J Cardiovasc Pharmacol. 2024 Mar 25. doi: 10.1097/FJC.0000000000001564. Online ahead of print.

Abstract

Type 2 Diabetes Mellitus (T2DM) increases the risk of cardiovascular diseases. Therefore, elucidation of the cardiovascular effects of antidiabetics is crucial. Incretin-based therapies are increasingly used for T2DM treatment as monotherapy and in combination. We aimed to study the effects of Glucagon-Like Peptide-1 Receptor Agonists (GLP-1 RAs) and sitagliptin on beating rates in isolated atria from diabetic rats. The chronotropic responses to GLP-1 RAs and sitagliptin as monotherapy and in combinations with metformin, pioglitazone, and glimepiride in isolated atria from control and diabetic rats were determined. GLP-1 (7-36), GLP-1 (9-36), and Exendin-4 (1-39) produced increases in beating rates in both control and diabetic rat atria. However, sitagliptin increased the beating frequency only in the diabetic group. Exendin (9-39), L-NAME, and indomethacin blocked responses to GLP-1 RAs but not the response to sitagliptin.

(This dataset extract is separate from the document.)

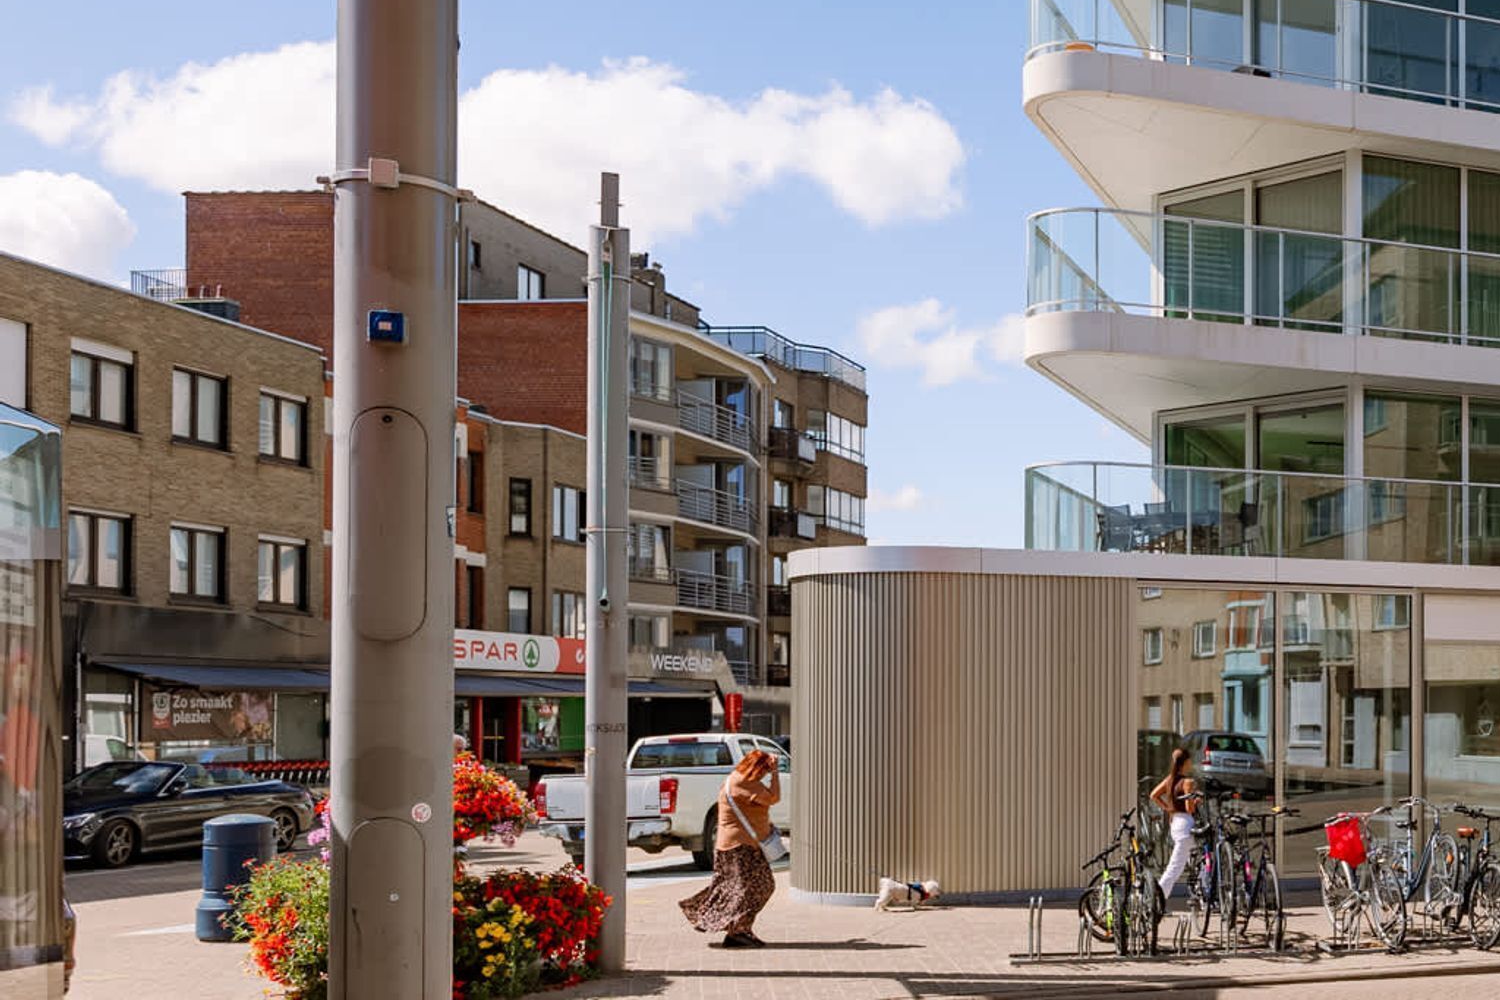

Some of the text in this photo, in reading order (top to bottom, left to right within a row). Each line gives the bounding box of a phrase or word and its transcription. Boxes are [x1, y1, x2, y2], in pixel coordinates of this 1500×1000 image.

[453, 639, 518, 661] SPAR
[650, 654, 713, 672] WEEKEND
[172, 694, 188, 708] Zo

Glibenclamide, 4-aminopyridine, apamin, charybdotoxin, superoxide dismutase, and catalase incubations did not change responses to GLP-1 RAs and sitagliptin. GLP-1 RAs increase beating rates in isolated rat atrium through GLP-1 receptor, nitric oxide, and cyclooxygenase pathways but not potassium channels and reactive oxygen radicals.